Sur l’étonnante « métamorphose » pro-Gbagbo de certaines figures historiques du PDCI-RDA : la dénonciation et le questionnement, une exigence démocratique.  0

Suite à la contribution réflexive  concernant l’étonnante « métamorphose » pro-Gbagbo de certaines figures historiques du PDCI-RDA, j’ai été, à juste raison, interpellé par certains lecteurs qui font remarquer que la notion de « métamorphose » est inappropriée.

L’engagement ethno-nationaliste et anti-moderniste de Mr Essy Amara et de ses paires aux côtés d’Henri Konan Bédié qui brise l’alliance houphouëtiste de l’identité ethnique et de la rationalité moderne, date des années 1990. Cet engagement anti-houphouëtiste était et demeure une écarlate évidence sensible. Ces hommes qui prétendent pourtant être les héritiers et les gardiens  de l'houphouëtisme, demeurent dans la continuité d’un positionnement ethno-nationaliste  radicale et anti-libérale délibéré.

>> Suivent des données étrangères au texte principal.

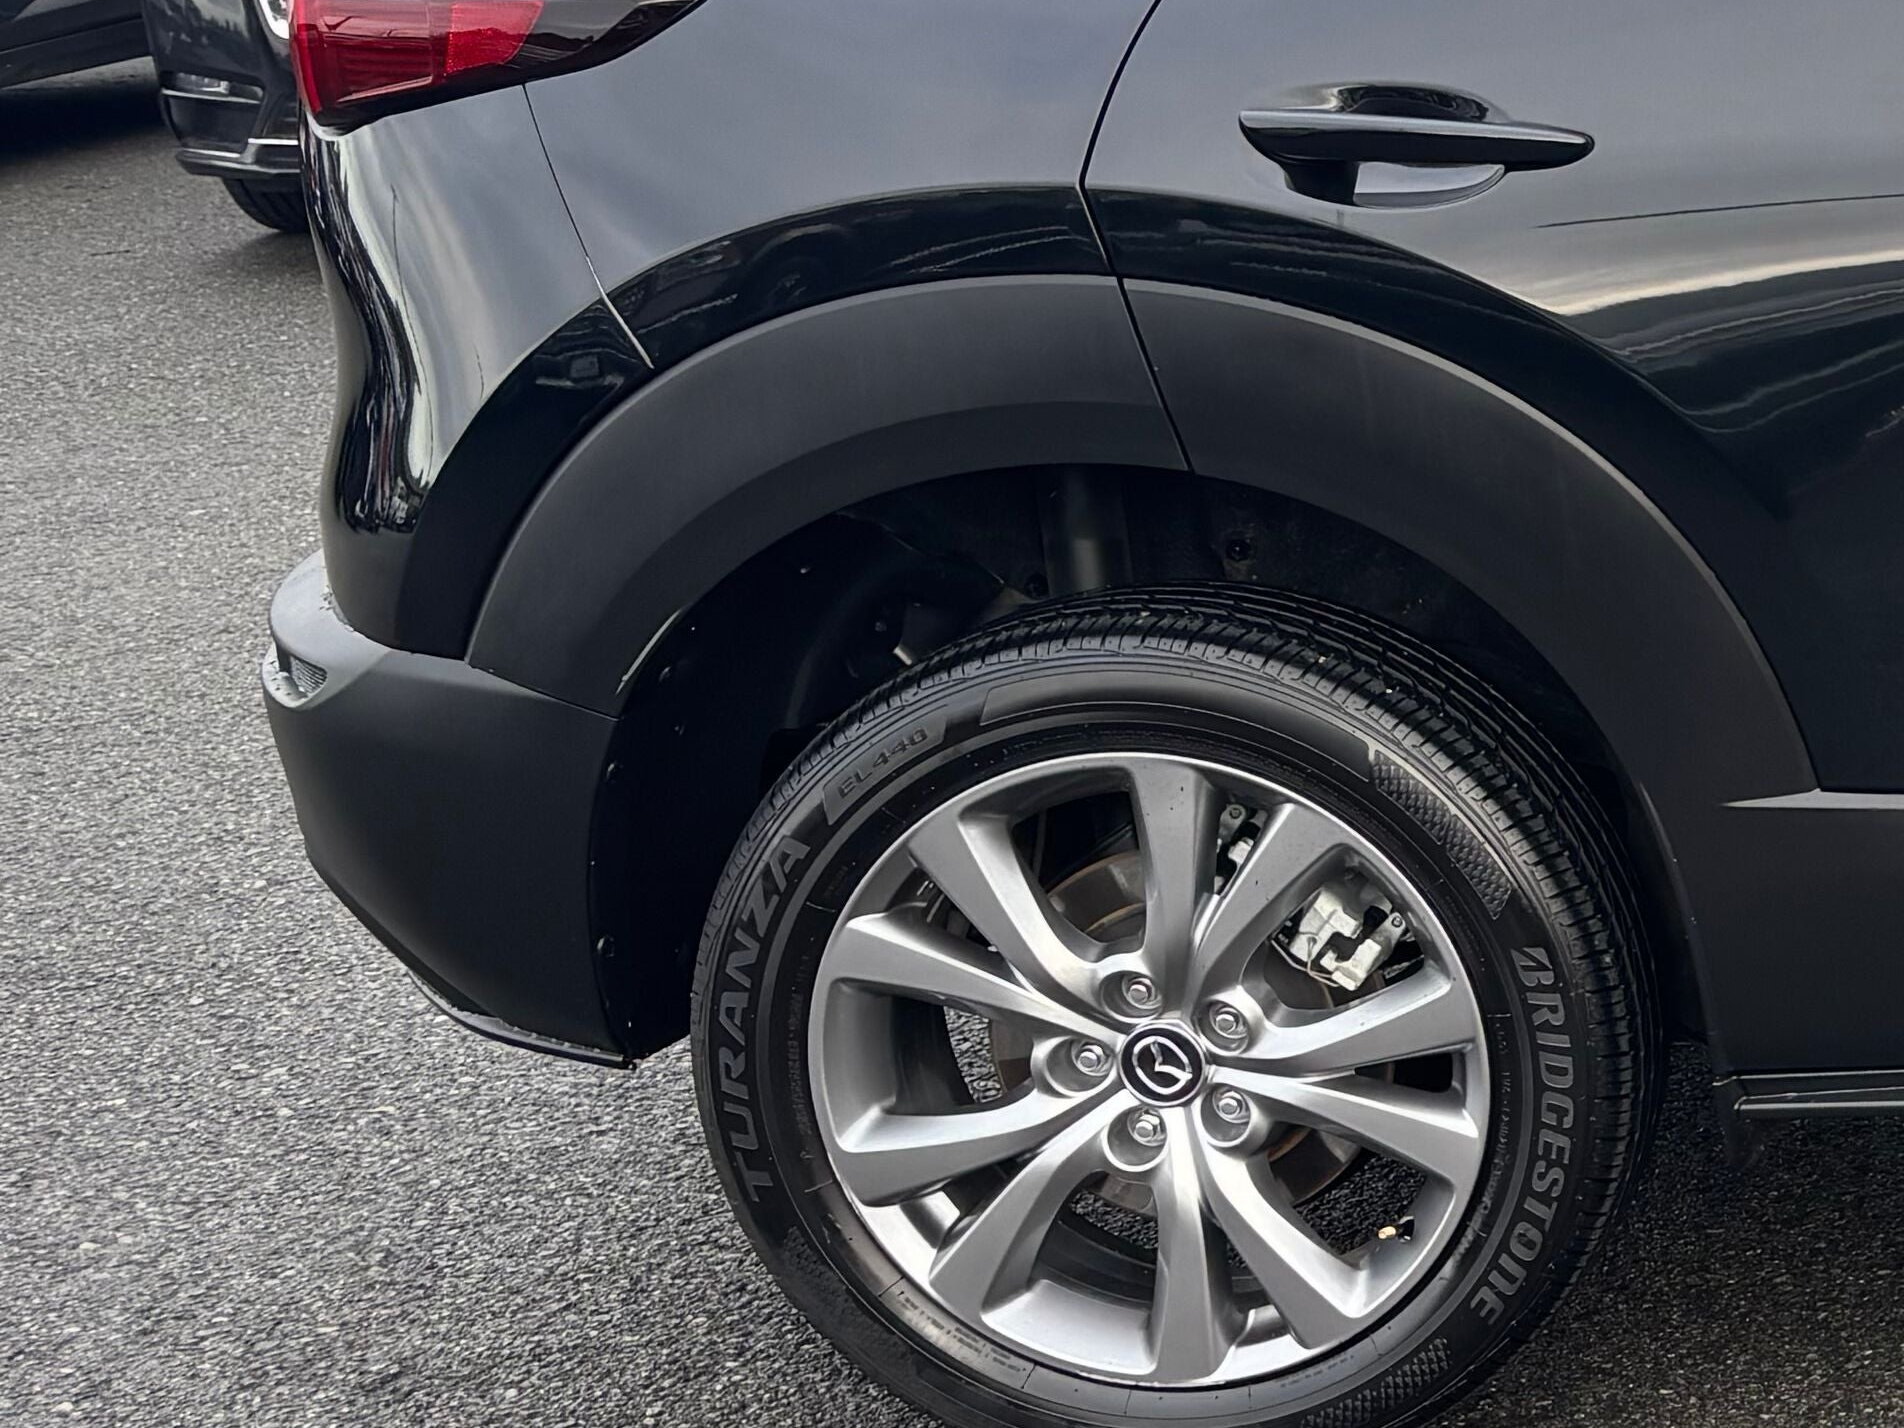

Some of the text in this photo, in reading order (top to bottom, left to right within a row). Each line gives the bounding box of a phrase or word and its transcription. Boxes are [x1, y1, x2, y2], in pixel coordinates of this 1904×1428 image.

[838, 728, 928, 799] EL 440
[718, 834, 811, 1203] TURANZA
[1470, 946, 1574, 1325] BRIDGESTONE

Je salue la perspicacité et la vigilance critique de Messieurs Abdul K Cissé et Calixte Atteby qui soulignent cette dimension du problème car cet engagement qui contredisait ouvertement le projet sociétal de Félix Houphouët-Boigny et l’esprit du PDCI-RDA fut accepté comme fait accompli et ne suscita guère d’opposition majeure et d’interrogation.

Les activistes « disciples filiaux » de Félix Houphouët-Boigny tombèrent le masque sans être publiquement dénoncées au sein du PDCI-RDA et récusées par une majorité d’Ivoiriens. La dérive ethno-nationaliste du PDCI-RDA dès la disparition du père de la Nation fut quasiment entérinée et demeure encore aujourd’hui considérérée  comme normale par un certain nombre d’Ivoiriens.

Il y a une explication à ce silence étonnant et la cécité collective devant cette dérive identitaire du parti.

 Cette cécité et ce silence furent la conséquence d’un habitus bien ancré dans nos sociétés post-coloniales en perte de repères depuis l’affaissement des chartes traditionnelles et la non- réappropriation des chartes de la modernité: l’acceptation du tout-venant, la normalisation des comportements habituels, l’hétéronomie de la pensée, le consentement au fait accompli, l’aveuglement devant le scandale qui n’est pas perçu comme tel, l’unanimisme favorisé par la culture du contrôle communautaire qui permet de réprimer les contestations.

Il est aujourd’hui vital de révolutionner et de révoquer cette mentalité servile et passive qui fut la superstructure idéologique des autocraties et des régimes de domination.

La démocratie requiert de remplacer en Afrique la culture passive de la soumission et de l’assujettissement par la culture du questionnement, de la problématisation, du refus des évidences, de l’explication, de l’argumentation et de la justification rationnelle. Le débat d’idées, la discussion, l’argumentation, l’intercompréhension, la réflexivité permettent d’articuler les intérêts particuliers et l‘intérêt général, les biens privés et le bien commun.

Il faut remplacer l'habitus anti-démocratique du fait accompli, de la constatation des apparentes évidences, du refus du questionnement et des remises en causes, de l’unanimisme et de l'acceptation des comportements habituels, par l'habitus de l'étonnement et de l'interrogation, de la remise en cause des soi-disant évidences sensibles, de l'explication qui détermine les causes apparentes et les causes profondes des phénomènes.

Il est temps de redonner dans notre société toute sa place à la culture scientifique et démocratique de réflexivité qui permet de problématiser les évidences, de déceler et de dénoncer le caractère scandaleux de certains comportement habituels, de construire la maturité et l’autonomie des peuples. La culture de problématisation, dans le régime de démocratie pluraliste, permet de structurer la participation politique de faire émerger la conscience de la citoyenneté qui place la responsabilité et le souci du respect des libertés et du bien commun au centre de la cité.

Il faut bel et bien chercher à déterminer les raisons explicatives ultimes de dérive ethno-nationaliste des figures historiques du PDCI-RDA. La démocratie pluraliste, l’exigence d’éclairement et développement de la raison publique  qui est inhérente à ce régime appelle cette interrogation.